I've been feeling nostalgic about breastfeeding lately. There were certainly things about lactating that were wonderful. Crap, if you're like me, you've heard and read about those delightful, tender moments a zillion times -- watching your baby fall asleep at the breast with a little drop of milk at the corner of his mouth, feeling overcome by love, etc.

What those stories don't usually cover is how, at that precise moment, I suddenly realize that I have to pee like a racehorse, but if I try to move, the baby will wake up and scream. My lips are dry and cracking, my throat's parched; I'm dying of thirst in the desert. Christ, I'm also starving -- I'd be happy to have a single, stale cracker to eat at this moment. And I can see that book I've been reading while the baby's asleep (I'm at a really exciting part!), but it's across the room on the table.

Experienced nursing mothers might chide me for not preparing better: "I always surround myself with everything I need before I start nursing." How nice for them! I never quite got that down, but then again, I still forget to take the diaper bag with us on outings (after almost three years)!

In spite of the above griping, I DO miss making milk. It's fabulous and magical to make food with your body. Fun fact: since 1993, Norway has included human milk output in its annual reports on national food production. They're the only country that does this.

This might gross some folks out, but I've been thinking about breast milk recipes. It's food, right?

Here's a slightly-too-long excerpt from Dan Savage's clever sex advice column, answering the burning question, "Can cheese be made from human breast milk?" Dan visits with Joe the cheesemaker ("blessed be the..." oh, nevermind...) at a cheese factory named "Say Cheese" (*cringe*) and asks him:

"When I asked Joe to recommend a cheese that would come close to one made from human breast milk, he balked: "I've never tasted breast milk." Was he bottle-fed? "I don't remember." When pressed, Joe said he didn't think cheese made from human breast milk would taste very good. "Sheep, goats, and cows don't eat meat, they don't eat onions or garlic, they don't drink coffee. The flavor of human cheese would depend on what you were feeding your human. Considering our diets, human breast milk would probably taste pretty awful." Does Say Cheese stock human breast milk cheese? "No, we don't." Why not? "It's a disgusting idea, and no one makes it." But if it were available, would you? "I don't think so."

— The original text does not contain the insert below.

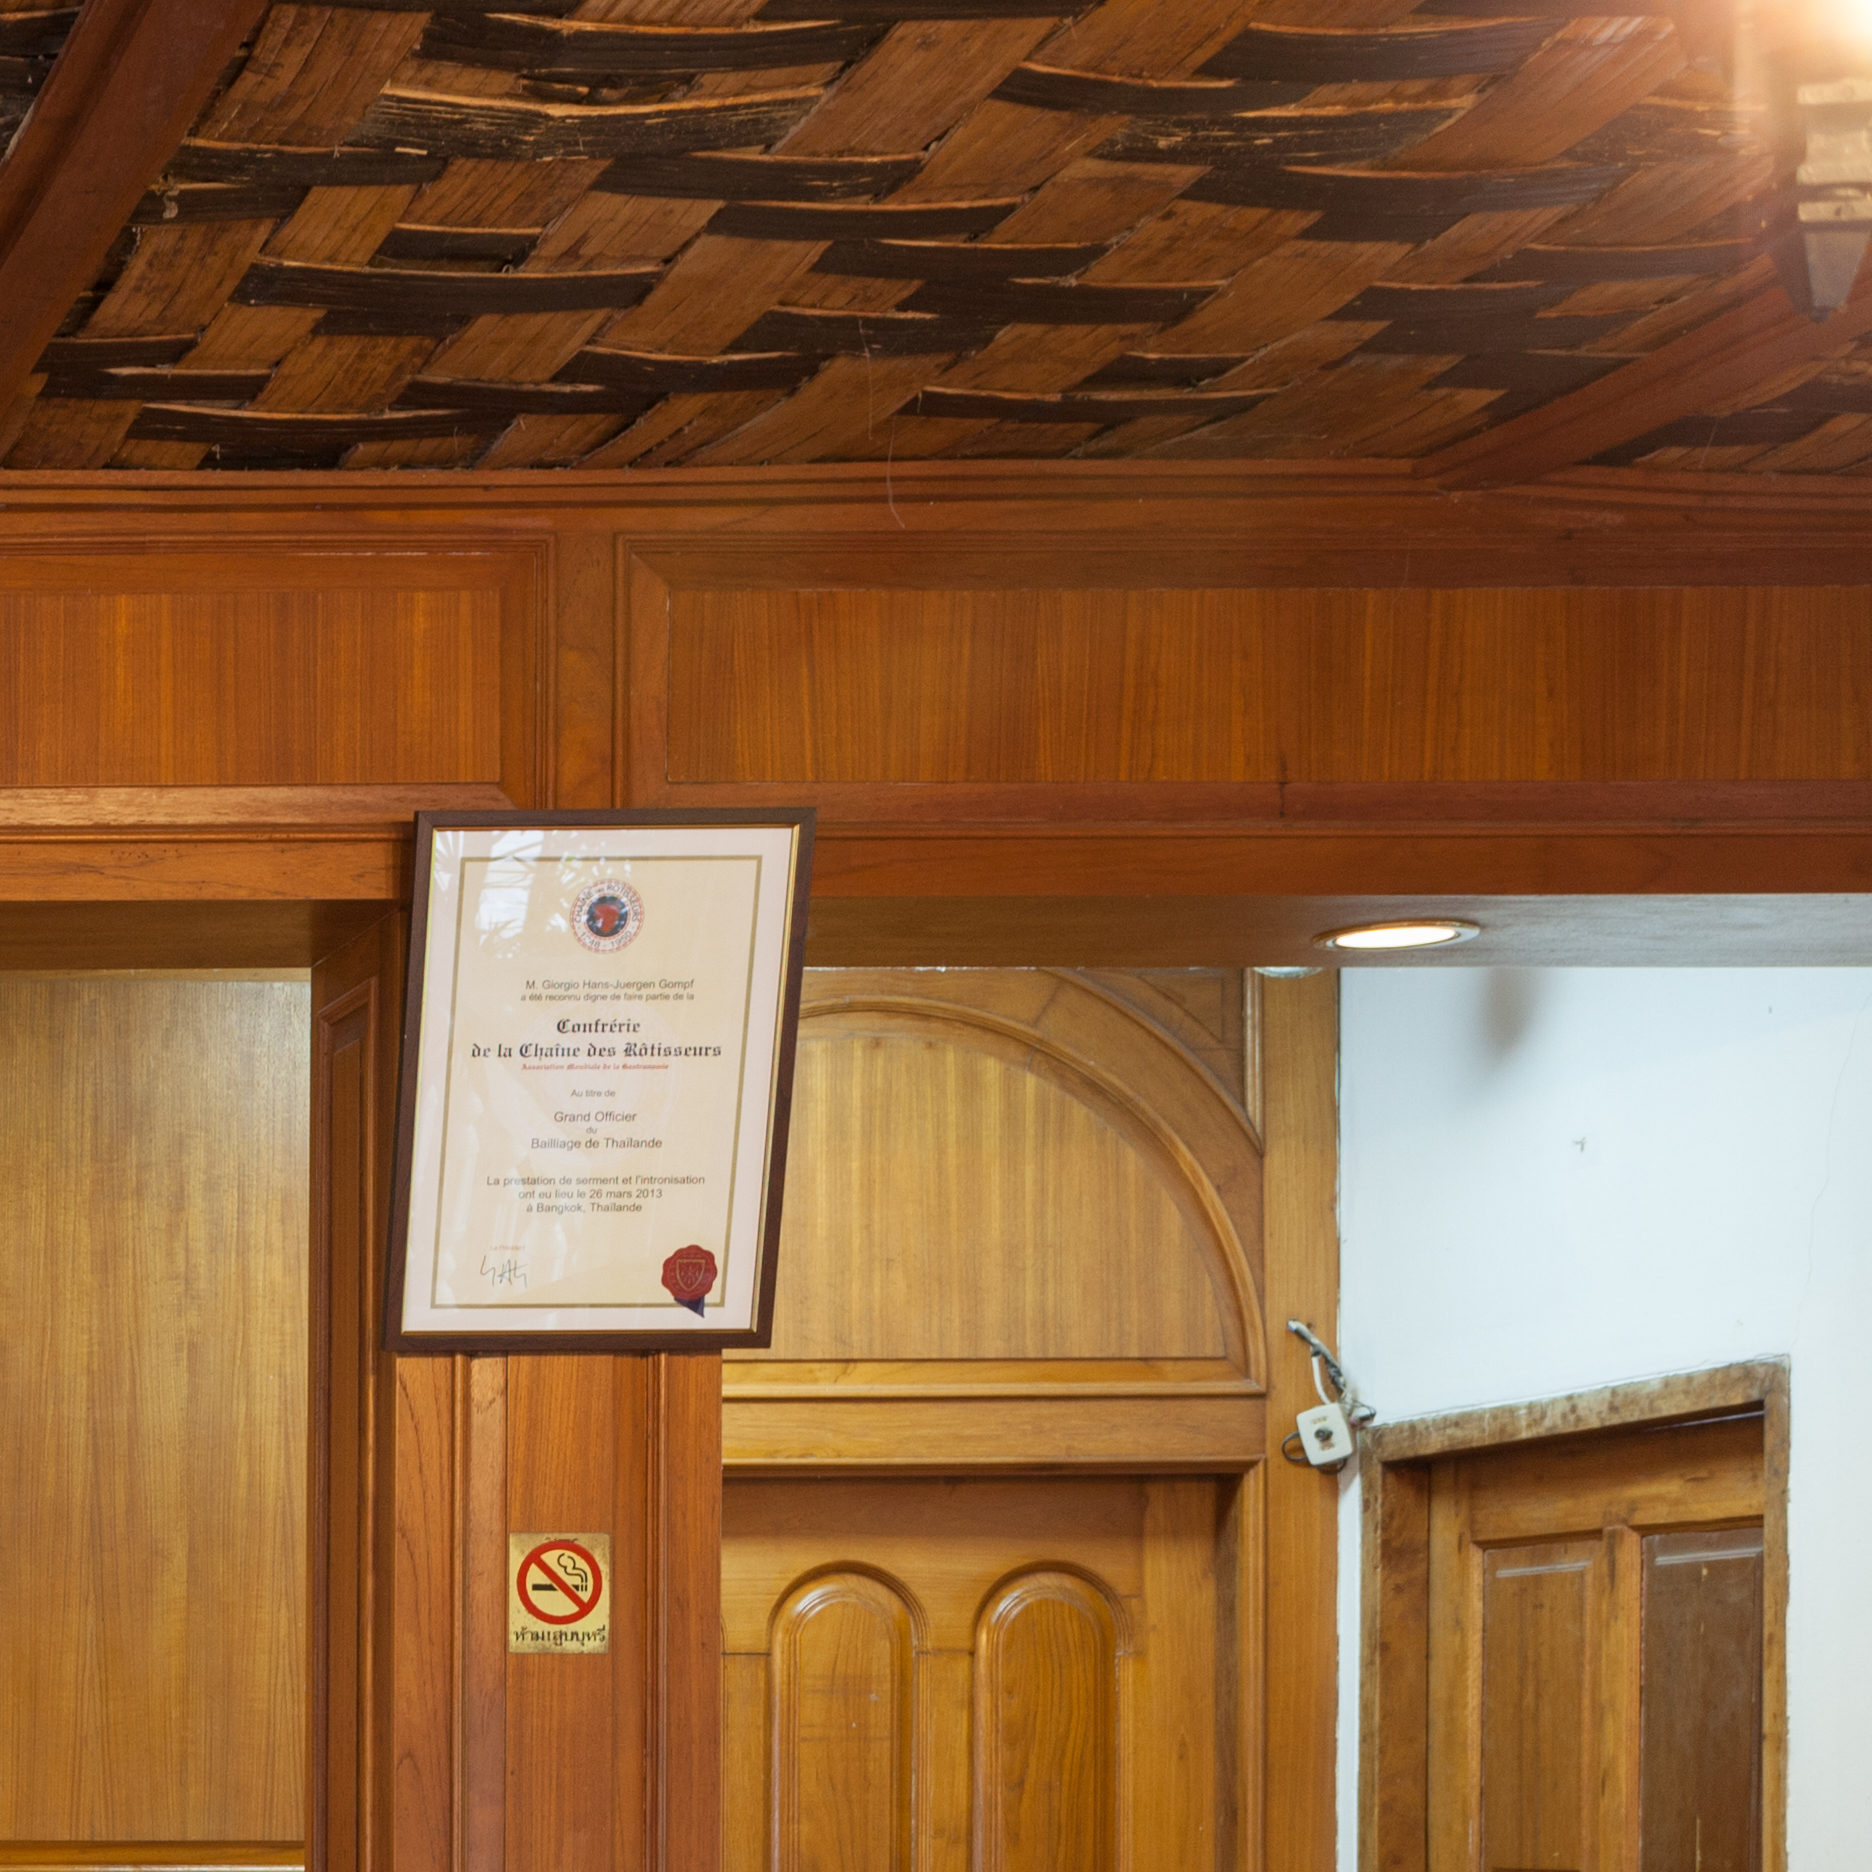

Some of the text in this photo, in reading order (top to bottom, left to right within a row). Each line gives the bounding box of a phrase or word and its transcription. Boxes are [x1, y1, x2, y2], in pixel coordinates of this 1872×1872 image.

Looks like the way to find out what human breast milk cheese might taste like is to roll up our sleeves and make ourselves some. According to Dale Baumgartner, head cheese maker at the Tillamook Creamery in Oregon, "It takes 10 pounds of milk to make one pound of cheese." A dairy cow makes more than that in one day, but the average lactating woman needs almost four days to produce 10 pounds of milk, and that would be a problem: "When you're making cheese, it's really important to use fresh milk," especially if your milk is unpasteurized. So, you need to find four lactating women, or make just a little tiny bit of cheese.

If you can get your hands on some fresh human breast milk, here's a simple cheese recipe from the New England Cheesemaking Supply Company (http://www.cheesemaking.com/): Take your milk, put it in a bowl, and add some rennet (an animal derivative that contains an enzyme called rennin), which will cause the solids in your milk to clump up into curds. Then drain off the liquid, and serve the solids. VoilĂ ! You're eating breast milk cheese!"

But I'm not lactating anymore, so I can't try it! (Plus, I'd have to find three other nursing mamas to make a worthwhile amount of cheese, apparently.)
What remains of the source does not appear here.